==== ENTRIES PROVIDED ====

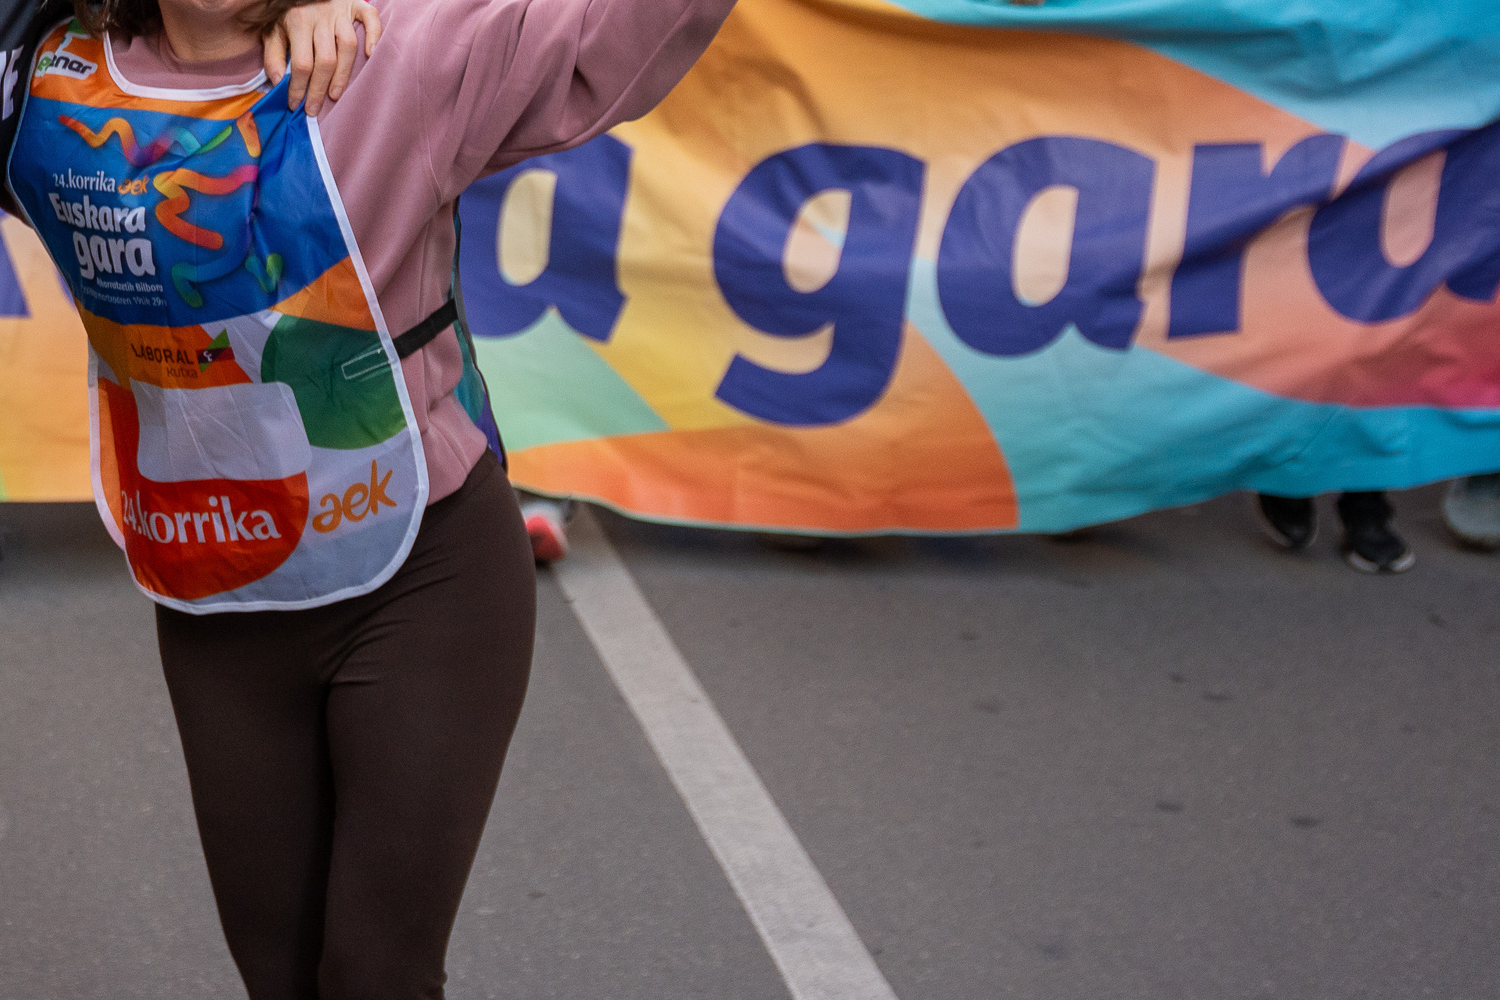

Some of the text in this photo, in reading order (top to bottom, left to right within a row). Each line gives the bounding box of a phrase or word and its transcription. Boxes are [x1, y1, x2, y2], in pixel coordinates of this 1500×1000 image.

[53, 168, 116, 193] 24.korrika
[49, 193, 147, 234] Euskara
[72, 230, 156, 281] gara
[713, 128, 1500, 428] gara
[130, 343, 195, 366] LABORAL
[121, 489, 282, 544] 24.korrika
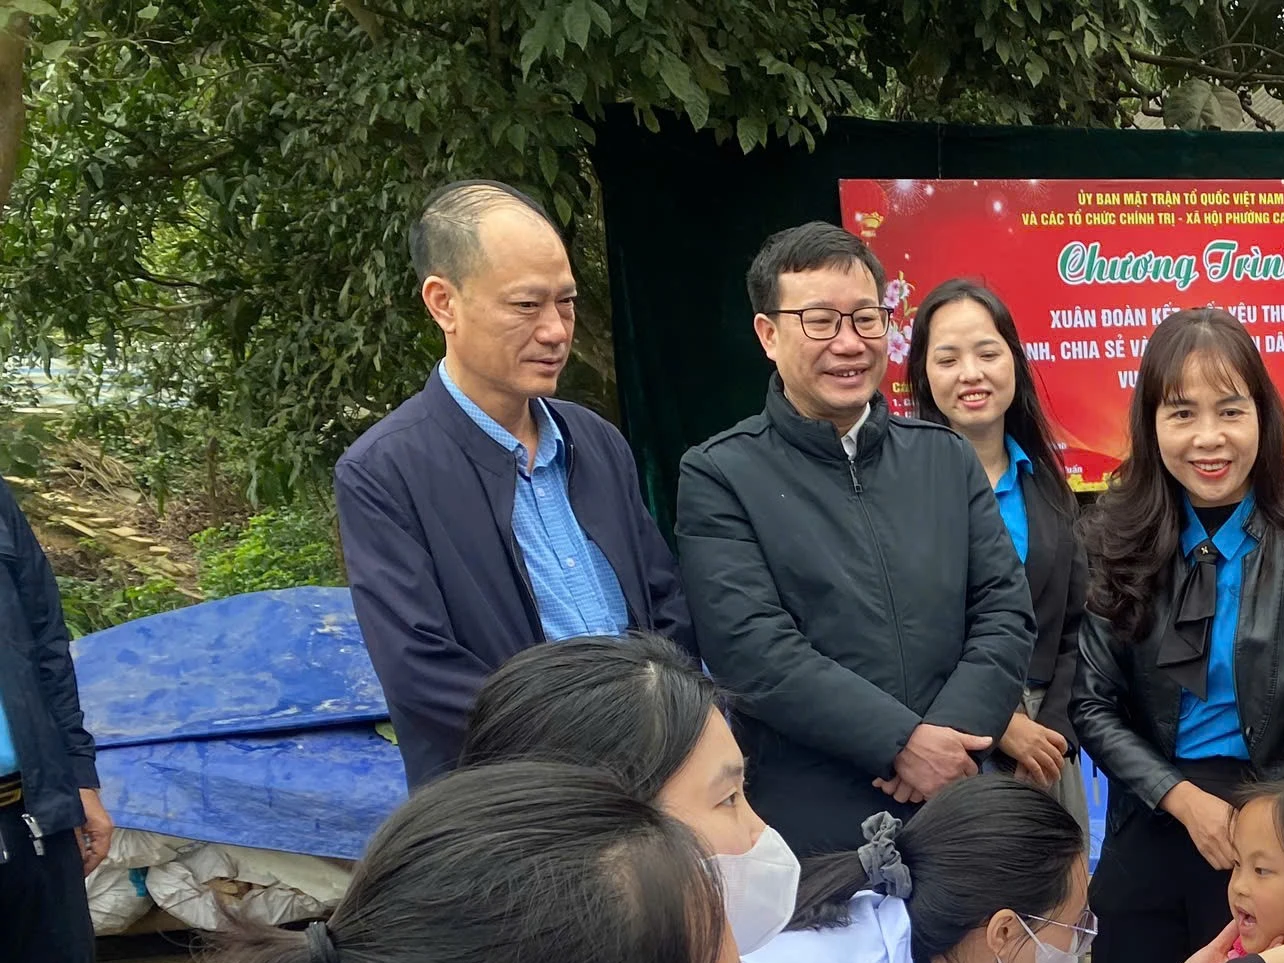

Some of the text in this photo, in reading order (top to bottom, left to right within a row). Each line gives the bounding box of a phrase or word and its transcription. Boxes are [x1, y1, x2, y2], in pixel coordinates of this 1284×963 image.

[1078, 189, 1284, 206] ỦY BAN MẶT TRẬN TỔ QUỐC VIỆT NAM
[1022, 210, 1038, 225] VÀ
[1041, 210, 1065, 225] CÁC
[1068, 209, 1083, 225] TỔ
[1085, 210, 1116, 224] CHỨC
[1120, 210, 1154, 224] CHÍNH
[1158, 212, 1175, 226] TRỊ
[1186, 210, 1201, 224] XÃ
[1204, 210, 1223, 226] HỘI
[1226, 209, 1269, 224] PHƯỜNG
[1058, 240, 1197, 291] Chương
[1050, 308, 1096, 329] XUÂN
[1101, 304, 1147, 327] ĐOÀN
[1060, 339, 1100, 360] CHIA
[1104, 333, 1125, 358] SẺ
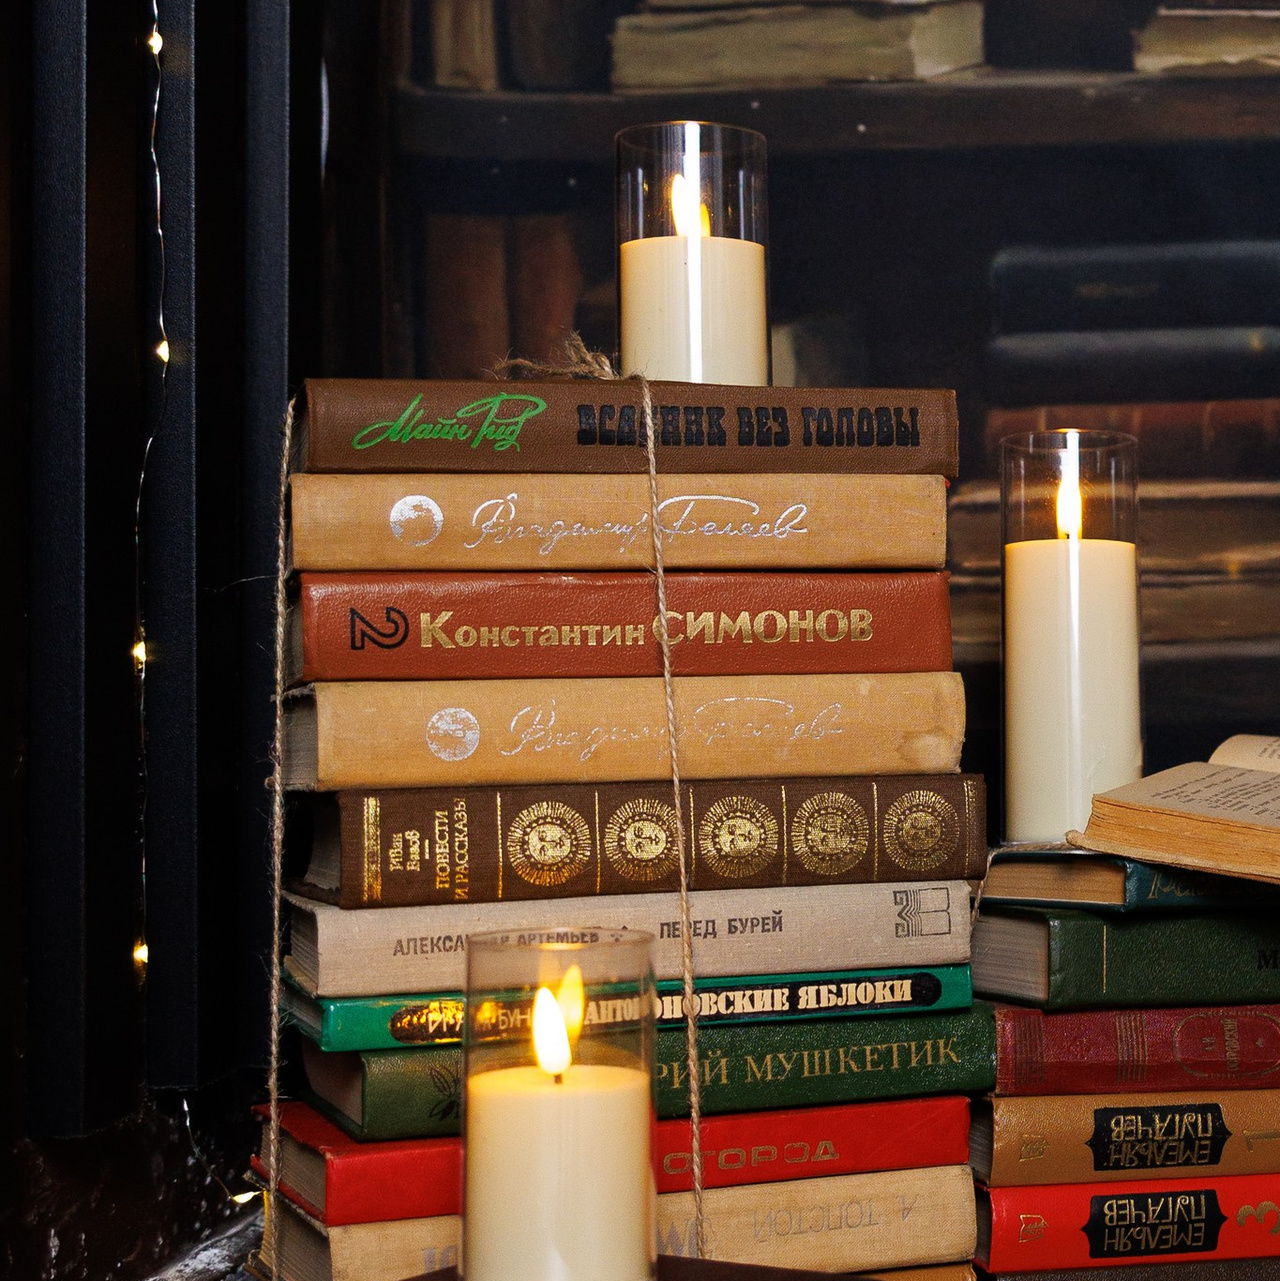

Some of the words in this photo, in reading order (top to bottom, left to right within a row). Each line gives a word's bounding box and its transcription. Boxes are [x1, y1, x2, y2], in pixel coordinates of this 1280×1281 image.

[352, 393, 471, 450] Майн
[456, 391, 547, 452] Рид
[738, 406, 791, 446] БЕЗ
[801, 406, 920, 447] ГОЛОВЫ
[420, 611, 645, 650] Константин
[653, 608, 874, 646] СИМОНОВ
[434, 809, 451, 890] ПОВЕСТИ
[453, 797, 470, 884] РАССКАЗЫ
[659, 918, 718, 940] ПЕРЕД
[727, 909, 785, 936] БУРЕЙ
[797, 979, 913, 1011] ЯБЛОКИ
[656, 1052, 729, 1089] РИЙ
[745, 1037, 961, 1083] МУШКЕТИК
[1103, 1194, 1207, 1226] ПУГАЧЕВ
[1103, 1222, 1205, 1252] ЕМЕЛЬЯН

====

#### [INSTRUCTIONS TO FOLLOW]
What you write must match, line for line, the records from the line containing "this 1284×963 image." through the last line, with every picture left out.

#### [TASK RESPONSE]
Some of the text in this photo, in reading order (top to bottom, left to right within a row). Each line gives the bounding box of a phrase or word and its transcription. Boxes are [x1, y1, x2, y2], in pixel coordinates of this 1284×963 image.

[1078, 189, 1284, 206] ỦY BAN MẶT TRẬN TỔ QUỐC VIỆT NAM
[1022, 210, 1038, 225] VÀ
[1041, 210, 1065, 225] CÁC
[1068, 209, 1083, 225] TỔ
[1085, 210, 1116, 224] CHỨC
[1120, 210, 1154, 224] CHÍNH
[1158, 212, 1175, 226] TRỊ
[1186, 210, 1201, 224] XÃ
[1204, 210, 1223, 226] HỘI
[1226, 209, 1269, 224] PHƯỜNG
[1058, 240, 1197, 291] Chương
[1050, 308, 1096, 329] XUÂN
[1101, 304, 1147, 327] ĐOÀN
[1060, 339, 1100, 360] CHIA
[1104, 333, 1125, 358] SẺ

Some of the words in this photo, in reading order (top to bottom, left to right within a row). Each line gives a word's bounding box and its transcription. Boxes are [x1, y1, x2, y2], in pixel coordinates of this 1280×1281 image.

[352, 393, 471, 450] Майн
[456, 391, 547, 452] Рид
[738, 406, 791, 446] БЕЗ
[801, 406, 920, 447] ГОЛОВЫ
[420, 611, 645, 650] Константин
[653, 608, 874, 646] СИМОНОВ
[434, 809, 451, 890] ПОВЕСТИ
[453, 797, 470, 884] РАССКАЗЫ
[659, 918, 718, 940] ПЕРЕД
[727, 909, 785, 936] БУРЕЙ
[797, 979, 913, 1011] ЯБЛОКИ
[656, 1052, 729, 1089] РИЙ
[745, 1037, 961, 1083] МУШКЕТИК
[1103, 1194, 1207, 1226] ПУГАЧЕВ
[1103, 1222, 1205, 1252] ЕМЕЛЬЯН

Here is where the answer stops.